Two poems for Pentecost

Posted on May 22, 2010


Steve Turner, ‘Spiritus’

I used to think of you
as a symphony
neatly structured
full of no surprises.
Now I see you as
a saxophone solo
blowing wildly
into the night,
a tongue of fire,
flicking in unrepeated patterns.

Adrian Mitchell, ‘Goodbye’

He breathed in air, he breathed out light.
Charlie Parker was my delight.

…not, of course, a classically English confusion of aesthetic and theological judgements – I might be tempted to imagine some level of inspiration on that level for Coltrane’s A Love Supreme, but not for anything by Bird Parker.

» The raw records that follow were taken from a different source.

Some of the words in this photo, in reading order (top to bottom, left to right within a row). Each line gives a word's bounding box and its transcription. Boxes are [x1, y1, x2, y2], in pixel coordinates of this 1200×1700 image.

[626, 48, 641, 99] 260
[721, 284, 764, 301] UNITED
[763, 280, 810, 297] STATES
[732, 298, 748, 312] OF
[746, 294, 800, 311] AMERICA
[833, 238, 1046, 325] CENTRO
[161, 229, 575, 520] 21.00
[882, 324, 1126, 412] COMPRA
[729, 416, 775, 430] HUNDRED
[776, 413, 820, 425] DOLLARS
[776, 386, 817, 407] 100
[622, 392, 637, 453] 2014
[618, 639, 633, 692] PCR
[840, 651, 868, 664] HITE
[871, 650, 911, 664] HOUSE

Rather, following the methodology of my former colleague Jeremy Begbie, an attempt to narrate Pentecostal experience of God’s Spirit in musical grammar: it is, I believe, far more like Bird’s instinctive and immediate following of a contextual instinct than the playing, however sensitive, of notes pinned like so many dead butterflies to the pages of a classical score.

Peter, the broken apostle, did not, on the day of Pentecost, perform an endlessly-rehearsed-and-analysed account of theological fact; instead he was granted the ability, born of three years’ exposure to, and indwelling of, the Truth, to improvise in the key of gospel. ‘He breathed in air, he breathed out light…’ – may it be true of me, each time I dare to presume to speak, to faithfully improvise in that same key, and so breath out only light!